We have left Melbourne to spend Easter 2019 in Adelaide and as luck would have it, the drive to Adelaide involves taking in the Great Ocean Road, the Twelve Apostles, Port Fairy and the Port Nelson Lighthouse before stopping at Robe in South Australia.  

As if we had not already wondered whether Australia was one of the most beautiful countries in the world, this coastline really only confirmed our suspicions.   It was not long out of Melbourne before we were weaving our way along the cliff hugging road with amazing views across the Southern Ocean.  

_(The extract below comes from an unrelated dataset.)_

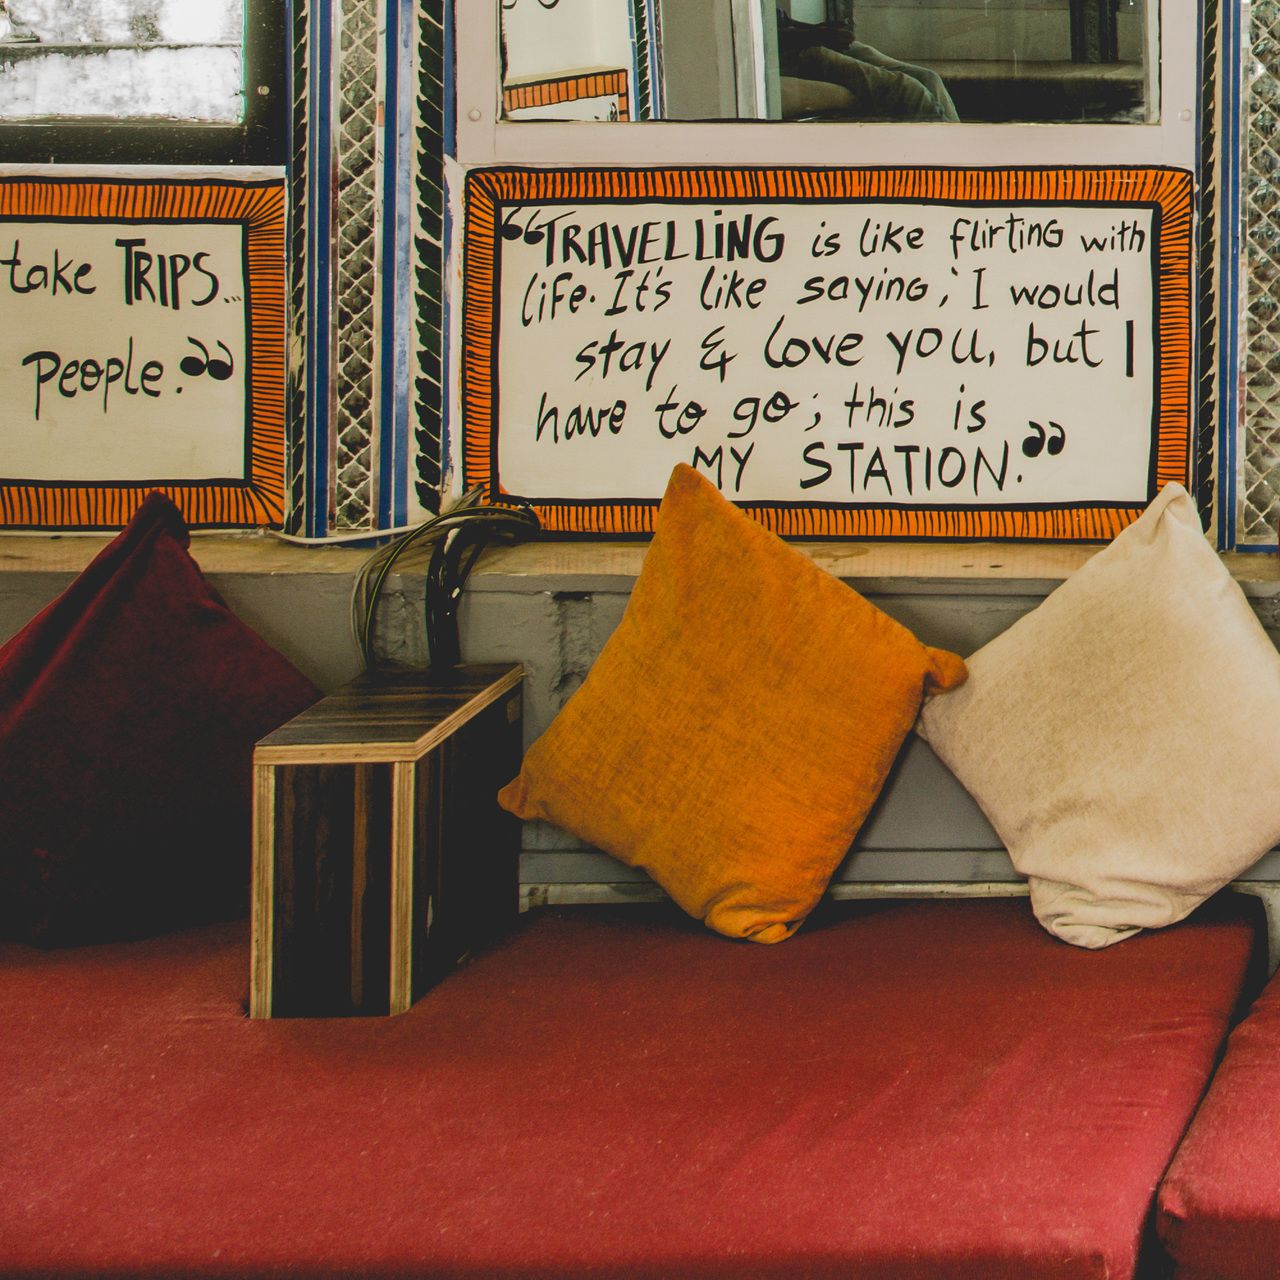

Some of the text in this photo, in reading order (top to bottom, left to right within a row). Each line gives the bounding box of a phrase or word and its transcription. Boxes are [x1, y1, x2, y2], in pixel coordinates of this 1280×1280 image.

Sadly we were not scheduled to embark on the Great Ocean Walk which goes from Apollo Bay round to the Twelve Apostles along this amazing coastline, but if I ever get back here again it will be on my list!  

Https://www.visitvictoria.com/regions/great-ocean-road/things-to-do/history-and-heritage/building-the-great-ocean-road

Having already seen the surfers in Noussa in Queensland and between Brisbane and Sydney at Byron Bay on the Gold Coast, we skipped passed Torquay which holds a major surfing competition at Easter and stopped for lunch in a pub with a view, the Wye Beach Hotel, overlooking a spot on the Great Ocean Road.  The kookaburra decided to hop into my view!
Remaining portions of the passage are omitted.